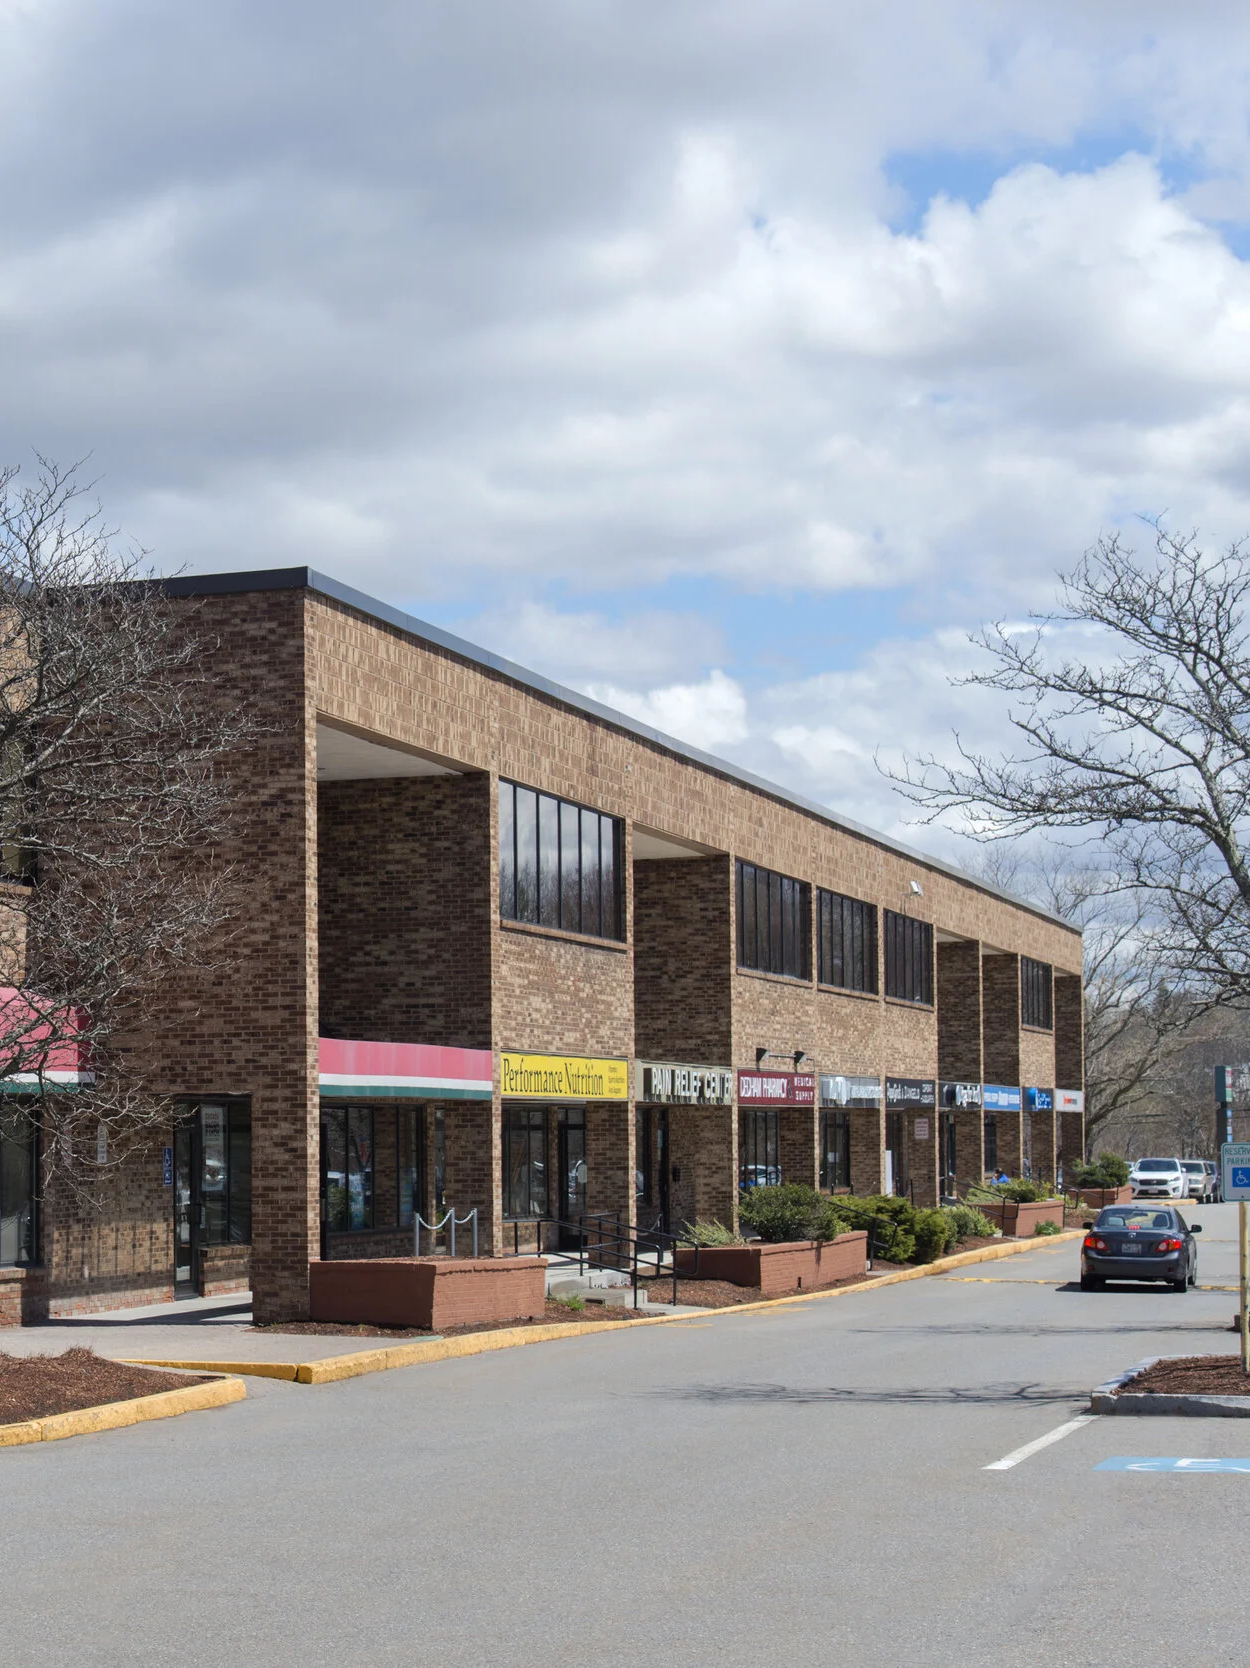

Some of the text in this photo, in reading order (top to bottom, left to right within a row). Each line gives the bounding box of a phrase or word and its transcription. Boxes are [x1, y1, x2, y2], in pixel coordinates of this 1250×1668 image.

[503, 1057, 604, 1096] Performance Nutrition
[651, 1066, 672, 1096] PAIN
[674, 1068, 703, 1098] RELIEF
[739, 1076, 788, 1099] DEDHAM PHARMACY
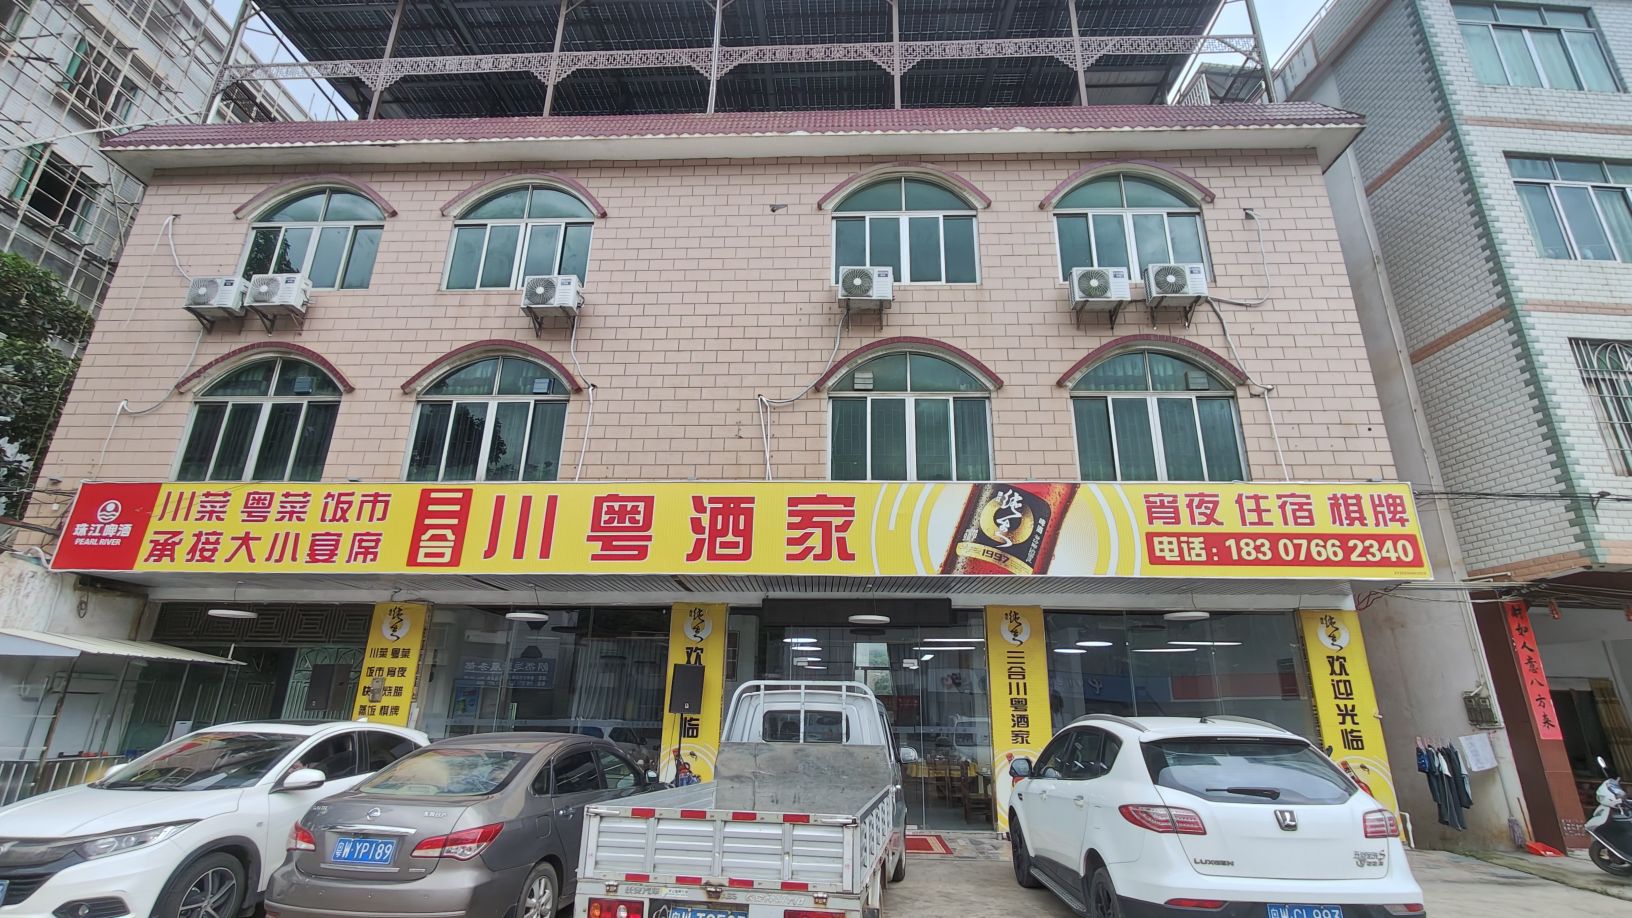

----

● **Task details**: Reproduce the data above exactly, leaving each picture out.

● **Task output**:
Some of the text in this photo, in reading order (top to bottom, left to right within a row). Each line gives the bounding box of a phrase or word and its transcription. Boxes are [x1, y1, x2, y2], in pixel coordinates of this 1250×1668 image.

[503, 1057, 604, 1096] Performance Nutrition
[651, 1066, 672, 1096] PAIN
[674, 1068, 703, 1098] RELIEF
[739, 1076, 788, 1099] DEDHAM PHARMACY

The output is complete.